Density is a good thing for urbanism. More density means more shops and amenities nearby, better transit service, and shorter walks. When communities are built around transit, walking, and biking instead of automobiles, more density actually makes them function better, not worse.
But what qualifies as dense? Overall city density figures are often reported, but they can be skewed by weird geographic features such as bodies of water, mountains, or giant airports inside the city limits. And even if they’re not skewed, every city has lots of variation between its neighborhoods.
A more telling statistic is the density of individual neighborhoods. Luckily, the US Census Bureau publishes density statistics for “census tracts,” which are neighborhood-sized geographic units.
Using census.gov, it’s possible to generate maps illustrating the density of census tracts in any county in the United States. This post will explore some of Colorado’s most populated areas. If you want to make more maps of your own, here are instructions explaining how to do so.

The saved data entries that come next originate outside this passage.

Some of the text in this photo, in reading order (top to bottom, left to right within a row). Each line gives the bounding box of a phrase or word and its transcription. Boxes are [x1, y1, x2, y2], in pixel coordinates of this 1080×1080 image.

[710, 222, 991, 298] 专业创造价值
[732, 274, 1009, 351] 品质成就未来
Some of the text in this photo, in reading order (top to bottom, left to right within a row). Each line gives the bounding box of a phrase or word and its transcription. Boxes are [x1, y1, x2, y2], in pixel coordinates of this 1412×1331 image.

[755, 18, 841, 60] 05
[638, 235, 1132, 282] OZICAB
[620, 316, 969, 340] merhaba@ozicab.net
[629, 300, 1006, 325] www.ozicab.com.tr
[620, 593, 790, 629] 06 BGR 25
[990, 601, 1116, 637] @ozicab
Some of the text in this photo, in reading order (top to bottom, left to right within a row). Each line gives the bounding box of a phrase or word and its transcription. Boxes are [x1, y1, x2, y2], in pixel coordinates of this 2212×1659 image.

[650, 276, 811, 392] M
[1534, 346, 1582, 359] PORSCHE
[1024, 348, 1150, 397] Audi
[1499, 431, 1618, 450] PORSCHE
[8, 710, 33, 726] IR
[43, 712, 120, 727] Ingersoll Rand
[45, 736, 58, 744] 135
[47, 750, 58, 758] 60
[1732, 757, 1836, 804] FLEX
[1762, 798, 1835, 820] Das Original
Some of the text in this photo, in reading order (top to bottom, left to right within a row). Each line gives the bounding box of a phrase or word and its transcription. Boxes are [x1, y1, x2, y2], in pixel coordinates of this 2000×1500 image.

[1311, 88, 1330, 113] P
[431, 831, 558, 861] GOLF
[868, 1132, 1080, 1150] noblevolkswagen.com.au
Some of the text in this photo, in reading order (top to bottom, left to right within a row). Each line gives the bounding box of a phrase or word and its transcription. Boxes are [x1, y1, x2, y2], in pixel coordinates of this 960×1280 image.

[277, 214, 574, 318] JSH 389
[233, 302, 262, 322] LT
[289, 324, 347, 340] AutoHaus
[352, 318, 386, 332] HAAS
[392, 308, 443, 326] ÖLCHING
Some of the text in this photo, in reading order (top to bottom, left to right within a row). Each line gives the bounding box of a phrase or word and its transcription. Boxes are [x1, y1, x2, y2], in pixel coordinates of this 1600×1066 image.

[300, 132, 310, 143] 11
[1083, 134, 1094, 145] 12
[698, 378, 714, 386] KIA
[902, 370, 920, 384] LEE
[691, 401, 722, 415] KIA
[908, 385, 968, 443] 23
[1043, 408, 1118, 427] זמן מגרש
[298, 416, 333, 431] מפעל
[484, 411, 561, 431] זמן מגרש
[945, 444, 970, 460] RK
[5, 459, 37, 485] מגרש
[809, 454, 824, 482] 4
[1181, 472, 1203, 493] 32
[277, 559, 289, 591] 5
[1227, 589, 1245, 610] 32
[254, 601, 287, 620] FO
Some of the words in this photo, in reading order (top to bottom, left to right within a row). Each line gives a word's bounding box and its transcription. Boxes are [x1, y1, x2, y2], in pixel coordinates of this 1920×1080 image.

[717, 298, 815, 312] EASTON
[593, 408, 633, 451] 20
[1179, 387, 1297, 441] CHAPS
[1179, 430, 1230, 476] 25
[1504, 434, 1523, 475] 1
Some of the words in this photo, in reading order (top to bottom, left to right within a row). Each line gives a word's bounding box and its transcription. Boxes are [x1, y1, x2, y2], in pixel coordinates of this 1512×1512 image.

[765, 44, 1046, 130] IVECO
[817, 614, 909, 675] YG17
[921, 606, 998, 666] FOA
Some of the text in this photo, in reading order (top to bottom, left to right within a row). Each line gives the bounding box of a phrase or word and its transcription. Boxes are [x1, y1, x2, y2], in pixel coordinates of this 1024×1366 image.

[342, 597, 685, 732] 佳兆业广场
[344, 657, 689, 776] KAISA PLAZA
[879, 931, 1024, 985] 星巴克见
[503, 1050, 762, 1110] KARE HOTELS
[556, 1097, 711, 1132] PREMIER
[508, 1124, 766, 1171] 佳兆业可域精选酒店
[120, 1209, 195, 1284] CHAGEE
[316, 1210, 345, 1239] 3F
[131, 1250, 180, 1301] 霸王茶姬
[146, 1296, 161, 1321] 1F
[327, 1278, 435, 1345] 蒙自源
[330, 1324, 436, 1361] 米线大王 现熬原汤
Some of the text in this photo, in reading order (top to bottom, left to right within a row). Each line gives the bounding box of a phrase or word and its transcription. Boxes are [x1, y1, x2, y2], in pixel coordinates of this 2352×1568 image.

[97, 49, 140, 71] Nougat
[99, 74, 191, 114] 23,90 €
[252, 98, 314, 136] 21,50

Residential density in Denver is centered in Capitol Hill, which contains Denver’s 3 densest census tracts. The densest one has over 23,000 people per square mile (ppsm). While that beats every other central city in Colorado, Arapahoe County has one tract that’s denser.
Who’d have thought Colorado’s densest place wouldn’t be central Denver, but southern Glendale? At a little over 31,000 ppsm, the section of Glendale south of Cherry Creek and east of Cherry Street tops the state.
Boulder – Boulder County:
Although it can’t match Denver’s density, Boulder’s 3 tracts above 10,000 ppsm and peak above 15,000 ppsm is very respectable. It’s about the same as Colfax Avenue in old Aurora.
Colorado Springs – El Paso County:
With a peak density of just 9,000 ppsm, the Springs doesn’t have any neighborhoods that even come close to approaching Boulder, much less Denver. Oddly, the core urban neighborhoods don’t appear to be any denser than the outer suburban ones.
Pueblo – Pueblo County:
Like the Springs, Pueblo’s core neighborhoods are about the same density as its outer ones; in fact, the densest tract is the one at the very north end of the city, with just under 8,000 ppsm.
In a future post, we’ll look at the neighborhood density of large cities around the country, including New York and Los Angeles.